[Rewrite requests for] www.example.com/ to /pages/public/ and [rewrite requests for] webadmin.example.com/ to /pages/admin/

RewriteEngine on
#
# Rewrite requests for www.example.com/xyz to /pages/public/xyz
RewriteCond %{HTTP_HOST} ^www\.example\.com
RewriteCond $1 !^pages/public/
RewriteRule ^(.*)$ /pages/public/$1 [L]
#
# Rewrite requests for webadmin.example.com/xyz to /pages/admin/xyz
RewriteCond %{HTTP_HOST} ^webadmin\.example\.com
RewriteCond $1 !^pages/admin/
RewriteRule ^(.*)$ /pages/admin/$1 [L]

In both rules, the second RewriteCond is a "loop stopper" which prevents requests from being repeatedly rewritten, adding "pages/public/" or "/pages/admin/" to the requested path recursively.

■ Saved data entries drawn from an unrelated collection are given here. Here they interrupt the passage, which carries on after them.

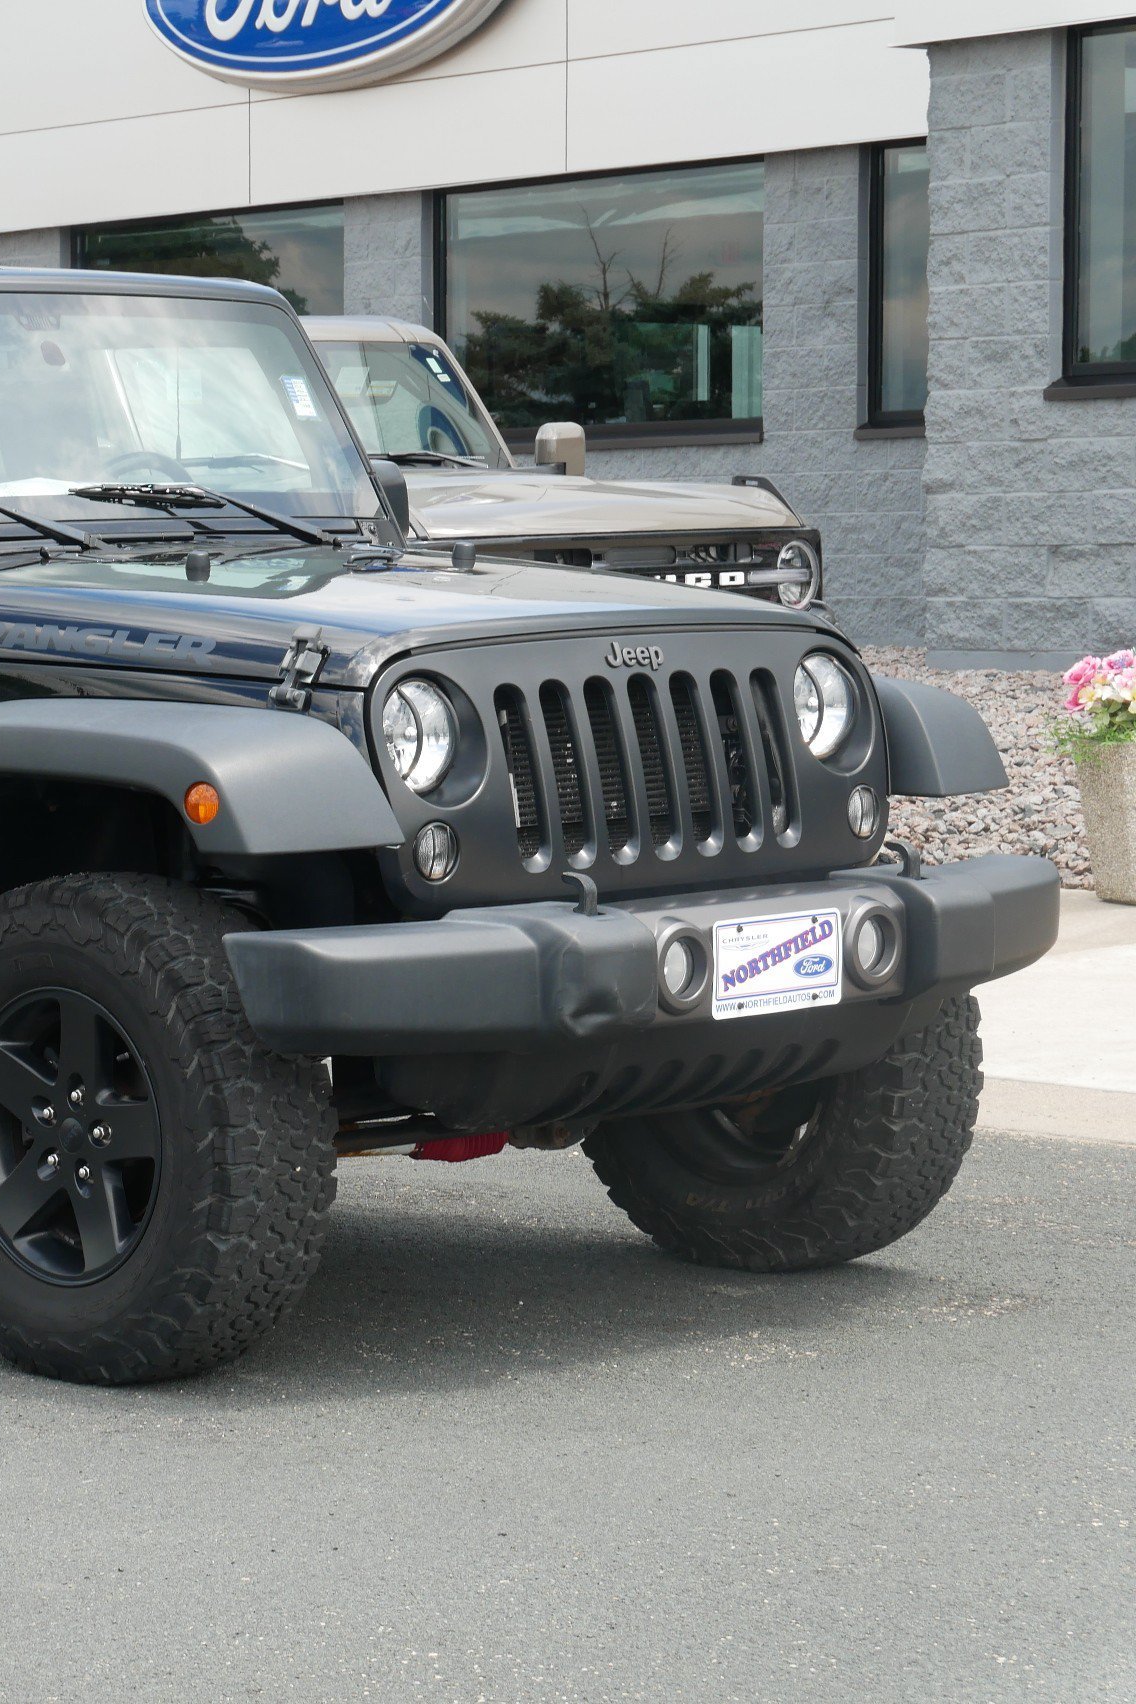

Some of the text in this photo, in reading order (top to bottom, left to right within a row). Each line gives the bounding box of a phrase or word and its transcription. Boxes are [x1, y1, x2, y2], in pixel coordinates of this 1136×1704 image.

[605, 641, 664, 671] Jeep
[722, 933, 769, 945] CHRYSLER
[721, 919, 834, 993] NORTHFIELD
[800, 957, 826, 974] Ford
[715, 989, 835, 1013] WWW.NORTHFIELDAUTOSCOM

Once you get this working, you should add rules so that direct access to /pages/admin and /pages/public is ot possible. These requests should be redirected back to the root of the correct subdomain. Don't worry about that until you get the two rules above working.

Jim

Thanks a lot,

I had this working in the meantime :

RewriteCond %{HTTP_HOST} ^webadmin.example.com$
RewriteCond %{REQUEST_URI} !^/pages/admin
RewriteRule ^(.*)$ pages/admin/$1 [L]

RewriteCond %{HTTP_HOST} ^www.example.com$
RewriteCond %{REQUEST_URI} !^/pages/public
RewriteRule ^(.*)$ pages/public/$1 [L]

which seems to make the job the same.
Is it correct ?

I also could force www.example.com instead of example.com with :

RewriteCond %{HTTP_HOST} ^example\.com$
RewriteRule ^(.*)$ http://www.example.com/$1 [R=301,L]

Is this the correct approach ?
Is R=301 necessary/recommended ?
And what would be the solution to restrict access to public and admin subdirectories ?

thanks again.

1) Escape the literal periods in regex patterns as shown in my example. Otherwise, a period in a pattern means "match any single characters."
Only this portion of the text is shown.